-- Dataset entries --
· · ·

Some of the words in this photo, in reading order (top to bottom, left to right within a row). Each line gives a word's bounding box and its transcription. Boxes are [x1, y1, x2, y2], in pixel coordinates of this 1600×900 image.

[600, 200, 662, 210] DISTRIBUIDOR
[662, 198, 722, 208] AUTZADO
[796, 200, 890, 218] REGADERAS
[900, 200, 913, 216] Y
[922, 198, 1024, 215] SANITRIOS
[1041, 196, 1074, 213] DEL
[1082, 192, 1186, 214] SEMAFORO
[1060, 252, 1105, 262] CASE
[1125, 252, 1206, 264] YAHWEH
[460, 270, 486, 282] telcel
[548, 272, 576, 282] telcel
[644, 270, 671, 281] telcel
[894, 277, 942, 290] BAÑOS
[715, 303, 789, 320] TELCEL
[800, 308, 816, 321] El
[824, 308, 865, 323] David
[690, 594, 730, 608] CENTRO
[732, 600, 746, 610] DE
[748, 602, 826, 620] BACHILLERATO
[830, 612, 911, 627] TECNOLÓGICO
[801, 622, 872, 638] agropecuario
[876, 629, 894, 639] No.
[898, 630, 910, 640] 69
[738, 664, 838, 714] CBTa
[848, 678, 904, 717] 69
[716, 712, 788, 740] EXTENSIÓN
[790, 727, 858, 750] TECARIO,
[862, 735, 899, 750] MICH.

· · ·

Top to bottom, transcribe every line above exactly.

-- Your response --
Some of the words in this photo, in reading order (top to bottom, left to right within a row). Each line gives a word's bounding box and its transcription. Boxes are [x1, y1, x2, y2], in pixel coordinates of this 1600×900 image.

[600, 200, 662, 210] DISTRIBUIDOR
[662, 198, 722, 208] AUTZADO
[796, 200, 890, 218] REGADERAS
[900, 200, 913, 216] Y
[922, 198, 1024, 215] SANITRIOS
[1041, 196, 1074, 213] DEL
[1082, 192, 1186, 214] SEMAFORO
[1060, 252, 1105, 262] CASE
[1125, 252, 1206, 264] YAHWEH
[460, 270, 486, 282] telcel
[548, 272, 576, 282] telcel
[644, 270, 671, 281] telcel
[894, 277, 942, 290] BAÑOS
[715, 303, 789, 320] TELCEL
[800, 308, 816, 321] El
[824, 308, 865, 323] David
[690, 594, 730, 608] CENTRO
[732, 600, 746, 610] DE
[748, 602, 826, 620] BACHILLERATO
[830, 612, 911, 627] TECNOLÓGICO
[801, 622, 872, 638] agropecuario
[876, 629, 894, 639] No.
[898, 630, 910, 640] 69
[738, 664, 838, 714] CBTa
[848, 678, 904, 717] 69
[716, 712, 788, 740] EXTENSIÓN
[790, 727, 858, 750] TECARIO,
[862, 735, 899, 750] MICH.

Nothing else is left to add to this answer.